# Marginal distribution

In probability theory, given two jointly distributed random variables *X* and *Y*, the **marginal distribution** of *X* is simply the probability distribution of *X* ignoring information about *Y*, typically calculated by summing or integrating the joint probability distribution over *Y*.

For discrete random variables, the marginal probability mass function can be written as Pr(*X* = *x*).

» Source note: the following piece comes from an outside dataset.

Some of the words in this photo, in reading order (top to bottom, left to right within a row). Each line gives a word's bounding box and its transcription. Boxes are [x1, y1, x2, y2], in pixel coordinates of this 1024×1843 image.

This is

- <math>\Pr(X=x) = \sum_{y} \Pr(X=x,Y=y) = \sum_{y} \Pr(X=x|Y=y) \Pr(Y=y),</math>

where Pr(*X* = *x*,*Y* = *y*) is the joint distribution of *X* and *Y*, while Pr(*X* = *x*|*Y* = *y*) is the conditional distribution of *X* given *Y*.

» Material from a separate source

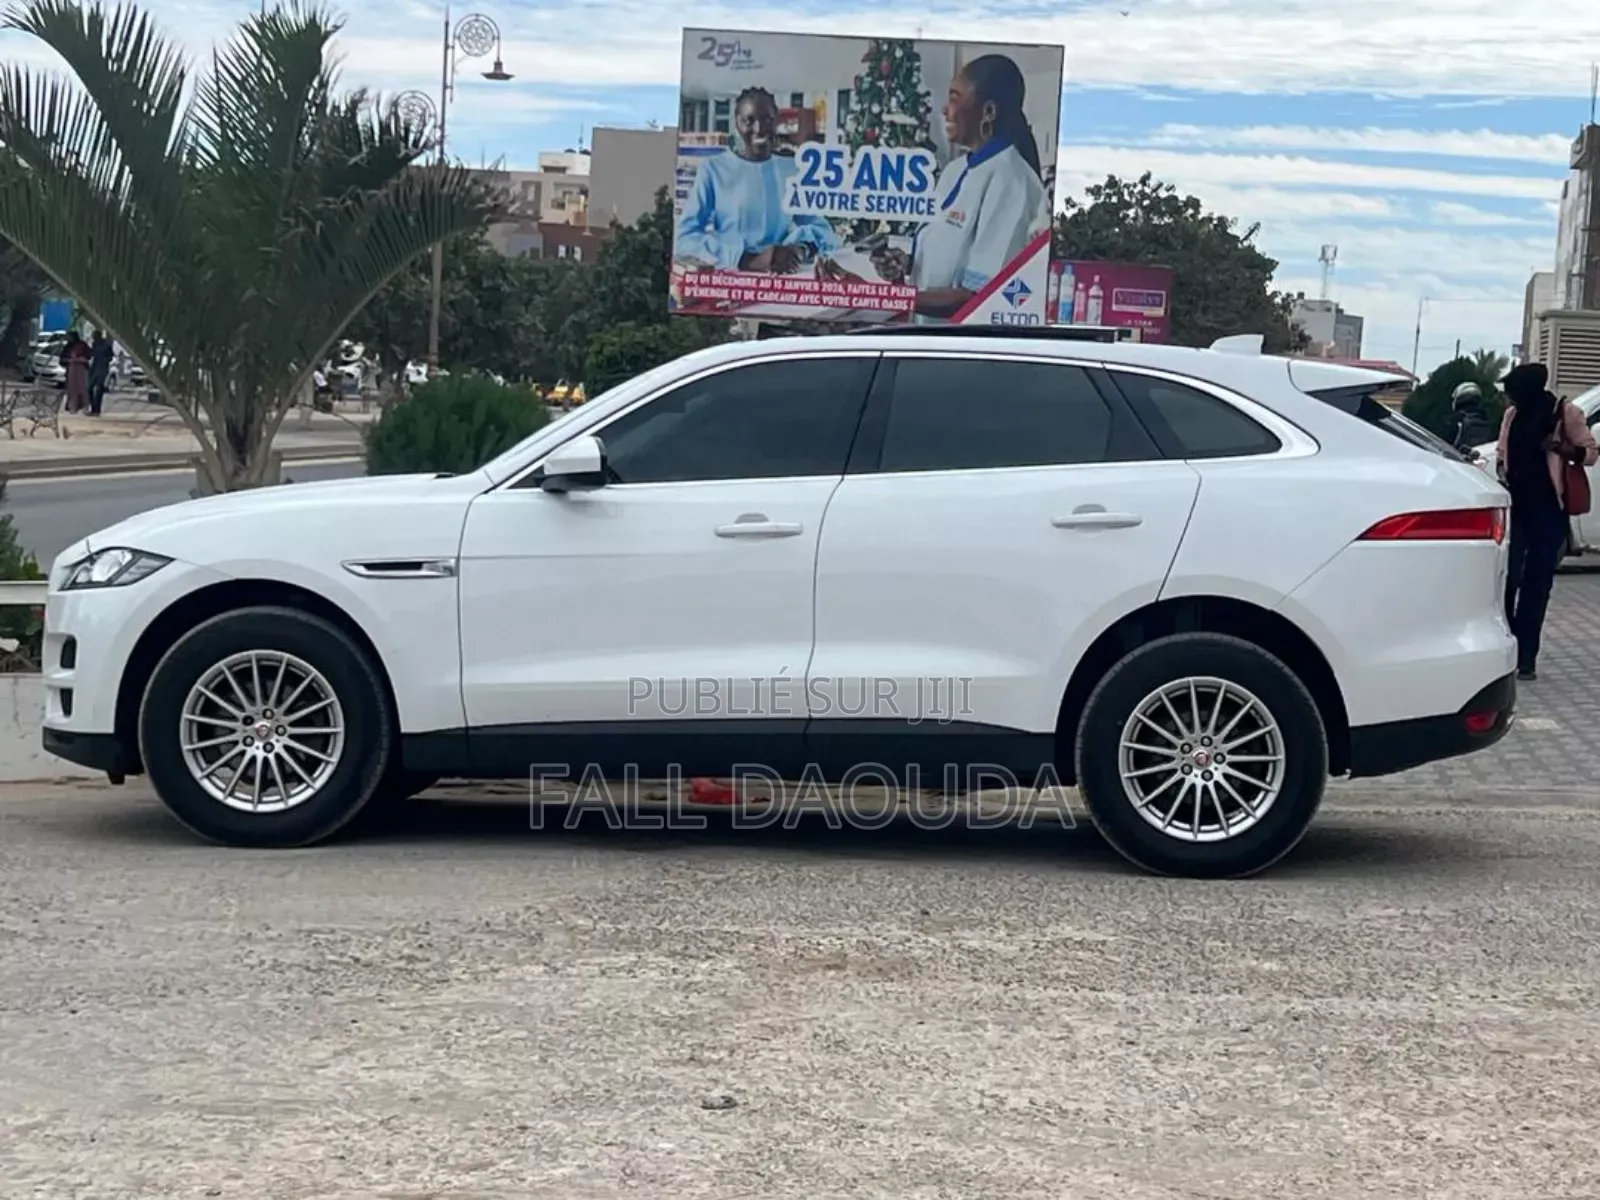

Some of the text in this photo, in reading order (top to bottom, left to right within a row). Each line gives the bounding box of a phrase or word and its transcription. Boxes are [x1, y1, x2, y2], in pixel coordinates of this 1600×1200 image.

Similarly for continuous random variables, the marginal probability density function can be written as *p*_{X}(*x*). This is

- <math>p_{X}(x) = \int_y p_{X,Y}(x,y) \, dy = \int_y p_{X|Y}(x|y) \, p_Y(y) \, dy </math>

where *p*_{X,Y}(*x*,*y*) gives the joint distribution of *X* and *Y*, while *p*_{X|Y}(*x*|*y*) gives the conditional distribution for *X* given *Y*.

Why the name 'marginal'? One explanation is to imagine the *p*(*x*,*y*) in a 2D table such as a spreadsheet. The marginals are got by summing the columns (or rows) -- the column sum would then be written in the margin of the table, ie. the column at the side of the table.